Wall Street suffered its worst day in nearly three months, with the Dow plunging more than 1,800 points amid a broad market sell-off.
On Thursday, the 30-stock index shed 1,861.82 points, or 6.9 per cent, to 25,128.17. The S&P 500 sank 188.04 points, or 5.89 per cent, to 3,002.1. The Nasdaq decreased 527.62 points, or 5.27 per cent, to 9,492.73. The major averages posted their worst day since mid-March, Xinhua news agency reported.
All the 11 primary S&P 500 sectors finished sharply lower, with energy and financials down 9.45 per cent and 8.18 per cent, respectively, leading the losses.
The Cboe Volatility Index, widely considered as the best fear gauge in the stock market, spiked nearly 48 per cent to 40.79.
Concerns over rising coronavirus infections in some US states and a sober assessment of economic recovery prospects from the Federal Reserve weighed on equity markets, Lucy Qiu, a strategist at UBS Global Wealth Management, told Xinhua on Thursday.
A spike in new coronavirus cases across US states, including Texas and California, triggered fears of a second wave of infections as the nation tries to reopen after lockdowns.
More than 2 million confirmed COVID-19 cases have been reported in the United States, with over 113,000 deaths as of Thursday afternoon, according to the Center for Systems Science and Engineering at Johns Hopkins University.
Meanwhile, investors' expectation of a swift economic recovery from the pandemic was dimmed by gloomy views from the US central bank, which on Wednesday kept its benchmark interest rate unchanged at the record-low level of near zero and projected interest rates to remain at the current level through at least 2022.
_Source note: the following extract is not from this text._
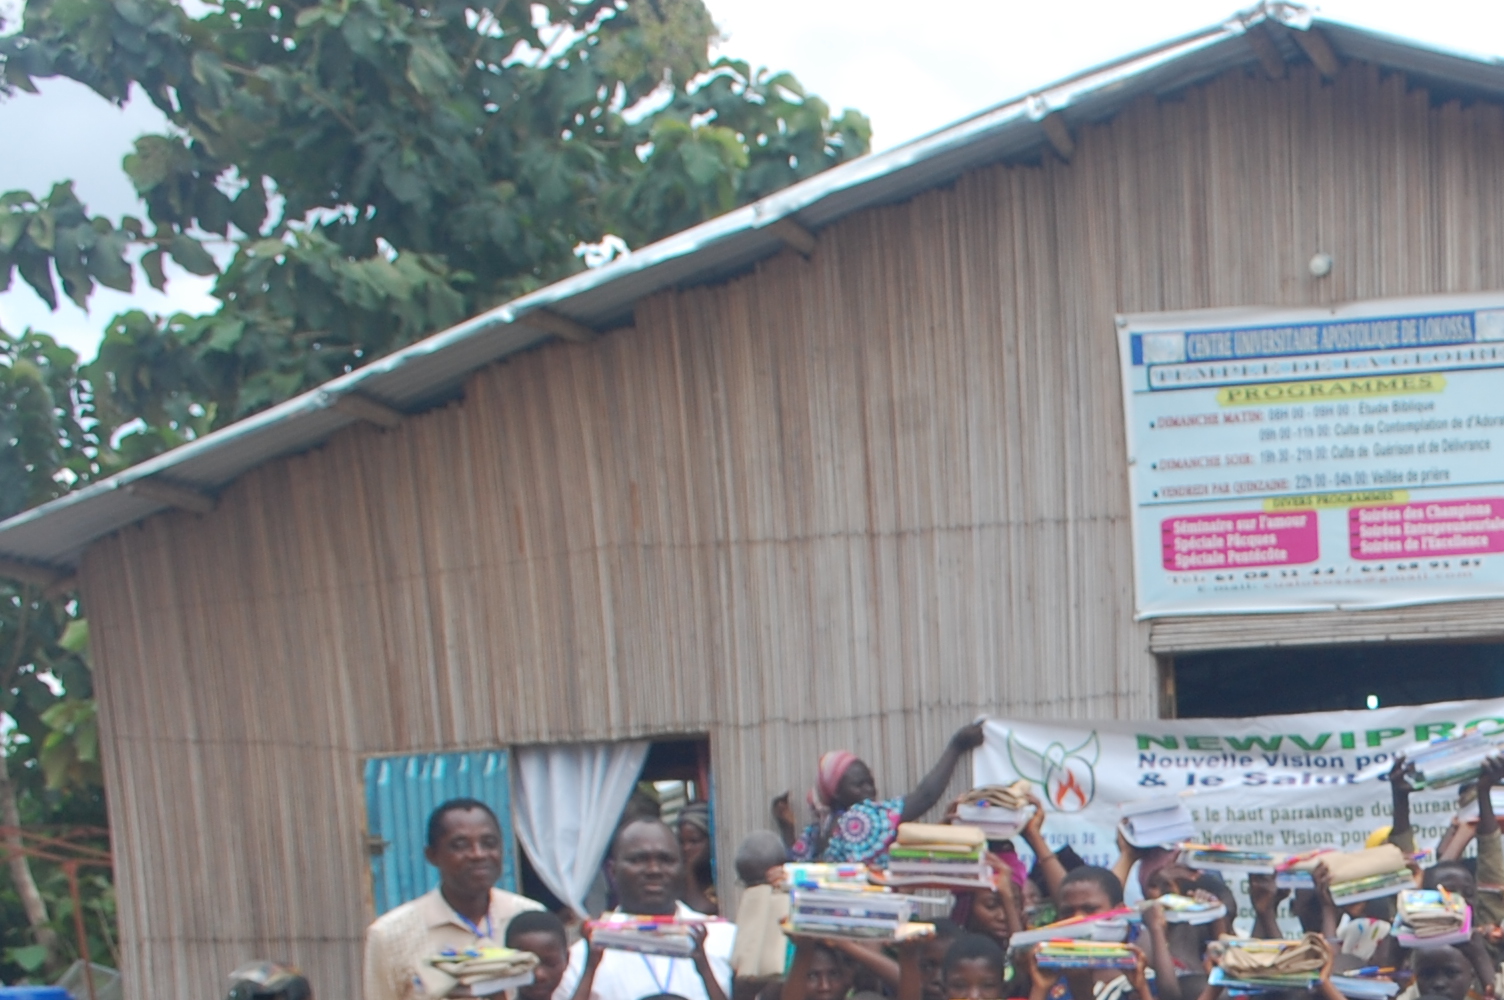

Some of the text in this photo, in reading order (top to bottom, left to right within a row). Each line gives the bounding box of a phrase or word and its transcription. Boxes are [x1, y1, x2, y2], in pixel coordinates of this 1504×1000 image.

"The ongoing public health crisis will weigh heavily on economic activity, employment, and inflation in the near term, and poses considerable risks to the economic outlook over the medium term," the Federal Open Market Committee, the Fed's policy-making body, said in a statement after concluding a two-day meeting.
In a separate statement released on the same day, the Fed projected that the US economy will shrink by 6.5 per cent in 2020, followed by a 5 per cent gain next year.
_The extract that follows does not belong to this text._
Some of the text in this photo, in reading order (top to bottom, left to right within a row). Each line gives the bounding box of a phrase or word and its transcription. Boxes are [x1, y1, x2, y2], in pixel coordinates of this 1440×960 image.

Fed Chairman Jerome Powell said Wednesday afternoon that the economic projections were made with the general expectation that the economic recovery will begin in the second half of the year and last over the next couple of years.
"Powell highlighted the extent of economic uncertainty and suggested that the economy might not fully recover until people believe the risks form COVID-19 have disappeared (implying not until a vaccine is available)," Qiu noted, adding "today's risk-off move highlights the importance of a selective approach to stocks after the recent sharp rally."
Despite Thursday's plunge, US equities traded mostly on an upbeat note in recent days. The Nasdaq rallied to a record high on Wednesday, closing above the 10,000 mark for the first time. The S&P 500 and the Dow are both still up more than 37 per cent from their coronavirus intraday lows.